Warszawska Szkoła Doktorska Nauk Ścisłych i BioMedycznych

Sekretariat:

phdoffice@warsaw4phd.eu

SPOTLIGHT TALK – 03/04/2024

The Warsaw Doctoral School in Natural and Biomedical Sciences and the Institute of High Pressure Physics PAS cordially invites you to a SPOTLIGHT TALK.

The talk is given by Prof. Markus Winterer (Nanoparticle Process Technology, Faculty of Engineering University of Duisburg-Essen, Lotharstr. 1, 47057 Duisburg, Germany).

When and where?

3rd April 2024, 12:30 pm
at the IHPP PAS New Technologies Building, Al. Prymasa Tysiąclecia 98 Duration: 60 min + more

Abstract

Although experiments investigating the atomistic structure of disordered materials are facile today through modern instruments for (X-ray) scattering (XS) and spectroscopy (EXAFS) it is still a challenge to extract the relevant information especially in case of very small nanoparticles. In our contribution we will introduce X-ray scattering and X-ray absorption spectroscopy as tools to investigate local and crystal structure of materials and present recent advances in data analysis of this inverse problem using Reverse Monte Carlo (RMC) analysis.
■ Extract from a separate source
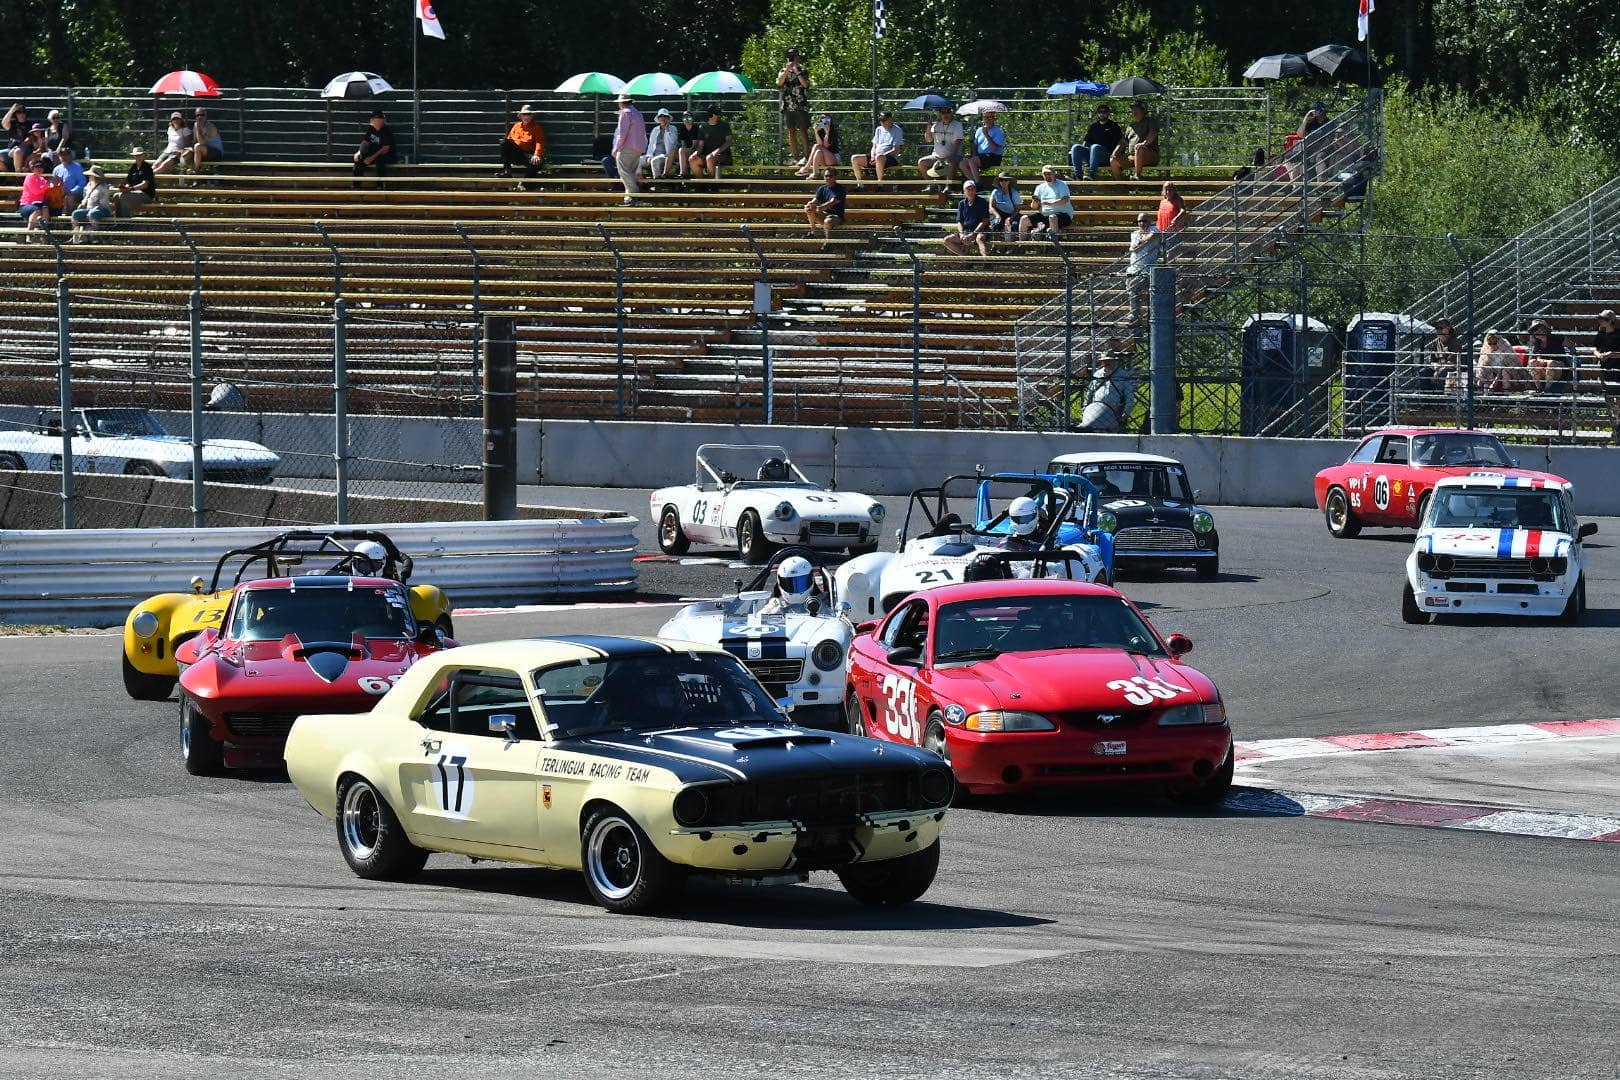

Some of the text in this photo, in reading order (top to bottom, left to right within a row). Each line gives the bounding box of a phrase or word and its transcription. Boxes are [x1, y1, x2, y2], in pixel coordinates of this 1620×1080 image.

RMC simulations enable the analysis of XS data as well as EXAFS spectra data via partial pair distribution (pPDF) functions obtained from a physical, structural model. In case of nanoparticles and scattering data this approach suffers from the termination of the pPDF’s due to the finite size of the particles. This produces artifacts in the computed scattering intensity due to the long-range probing distance of scattering which are eliminated by using the Debye scattering equation (DSE) for computing the scattering intensity from a particle model. Computational efficiency is provided by binning the distance distribution of atom pairs in the DSE. Simultaneous refinement of XS data and EXAFS spectra of small nanoparticles are thus enabled using a mutual structural model. This method allows the self-consistent extraction of complementary information on local structure contained in EXAFS and long-range order in XS data. We describe this novel method using XS and EXAFS data of nanocrystalline LaFeO3 and SnO2 are presented.